I've created a genetic programming system in Python, but am having troubles related to memory limits. The problem is with storing all of the individuals in my population in memory. Currently, I store all individuals in memory, then reproduce the next generation's population, which then gets stored in to memory. This means that I have two populations worth of individuals loaded in memory. After some testing, I've found that I exceed the default 2GB application memory size for Windows fairly quickly.
Currently, I write out the entire population's individual trees to a file, which I can then load and recreate the population if I want. What I have been considering is instead of having all of the individuals loaded in memory, access individual information by pulling the individual from the file and only instantiating that single individual. From my understanding of Python's readline functionality, it should only load a single line from the file at a time, instead of the entire file. If I did this, I think I would be able to only store in memory the individuals that I was currently manipulating.

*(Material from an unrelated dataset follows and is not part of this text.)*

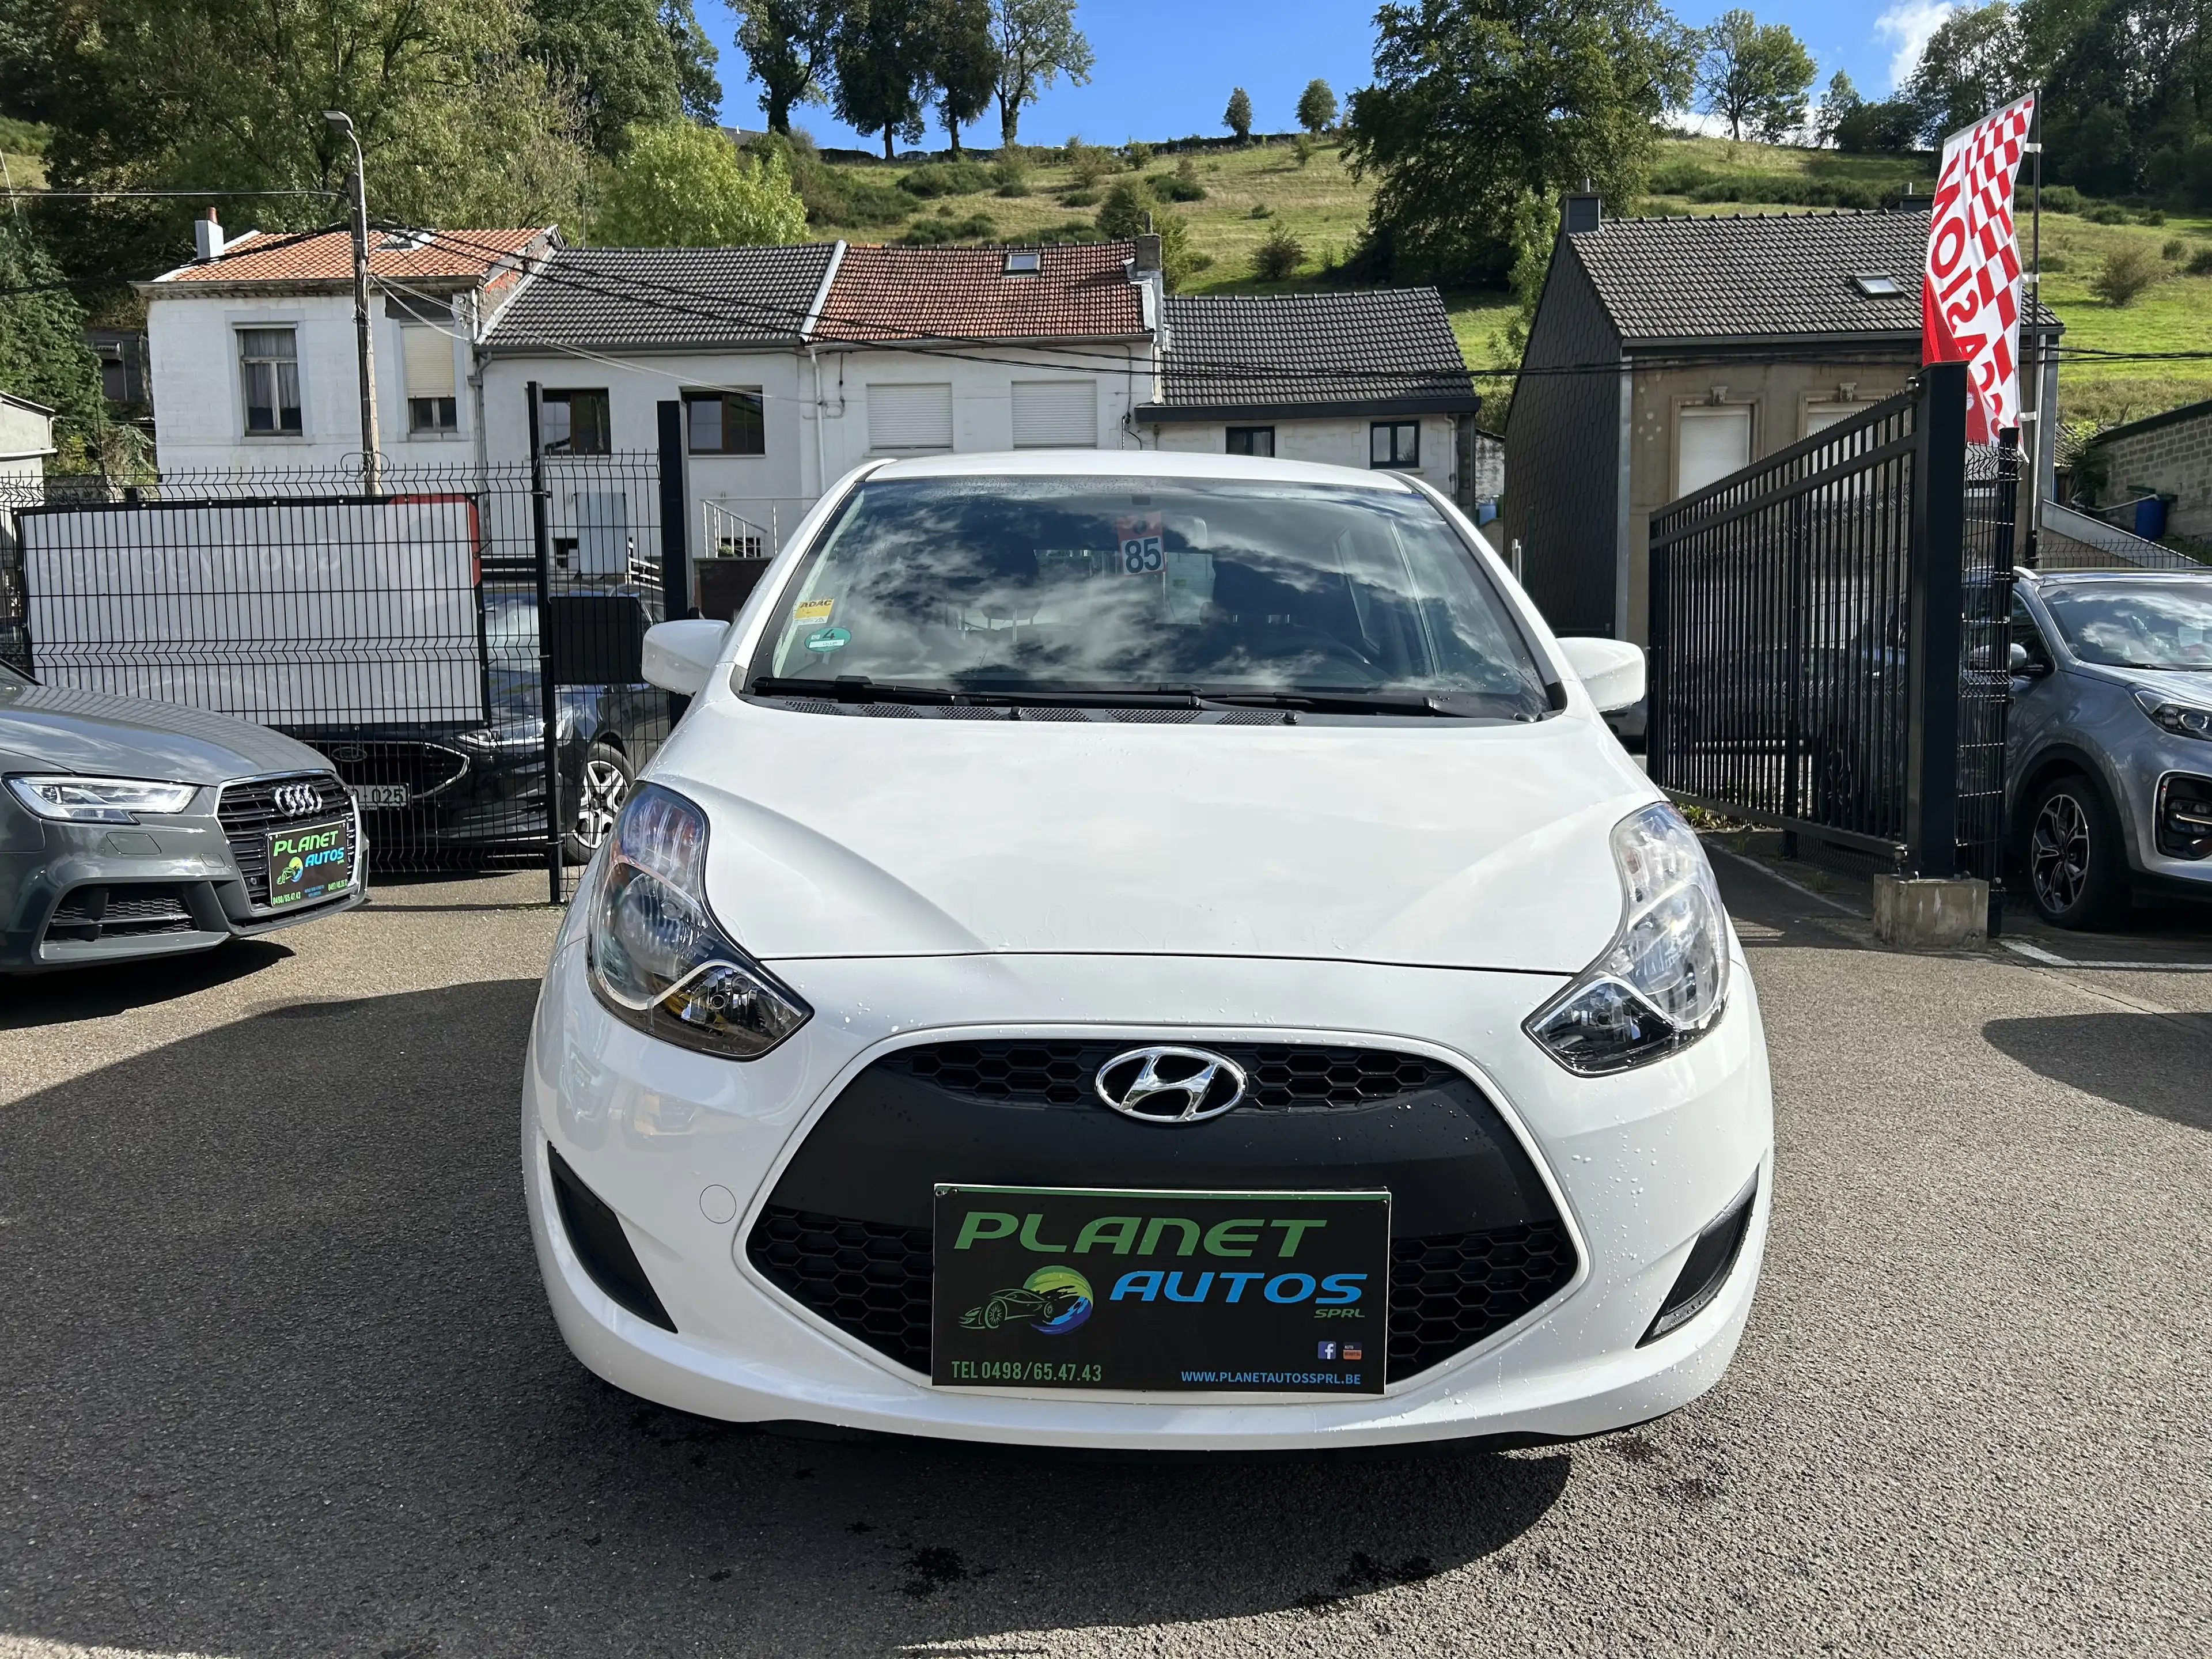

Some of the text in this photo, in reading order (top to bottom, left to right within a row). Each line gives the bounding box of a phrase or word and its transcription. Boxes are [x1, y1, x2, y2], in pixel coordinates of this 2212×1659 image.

My question is, is there an underlining problem with doing this that I'm not seeing right now? I understand that because I am dealing with data on disk instead of in memory my performance is going to take a hit, but for this situation memory is more important than speed. Also I don't want to increase the allotted 2GB of memory given to Python programs.
Thanks!
Given the RAM constraint, I'd change the population model from generational to steady state.
The idea is to iteratively breed a new child or two, assess their fitness and then reintroduce them directly into the population itself, killing off some preexisting individuals to make room for them.
Steady state uses half the memory of a traditional genetic algorithm because there is only one population at a time.
Changing the implementation shouldn't be too hard, but you have to pay attention to premature convergence (i.e. tweaks parameters like mutation rate, tournament size...).
The island model is another / additional possibility: population is broken into separate sub-populations (demes). Demes send individuals to one another to help spread news of newly-discovered fit areas of the space.
Usually it's a asynchronous mechanism but you could use a synchronous algorithm, loading demes one by one, with a great reduction of the required memory resources.
Of course you can write the population to a file and you can load just the needed individuals. If you choose this approach, it's probably a good idea to compute a hash signature of individuals to optimize the identification / loading speed.
Anyway you should consider that, depending on the task your GP system is performing, you could register a massive performance hit.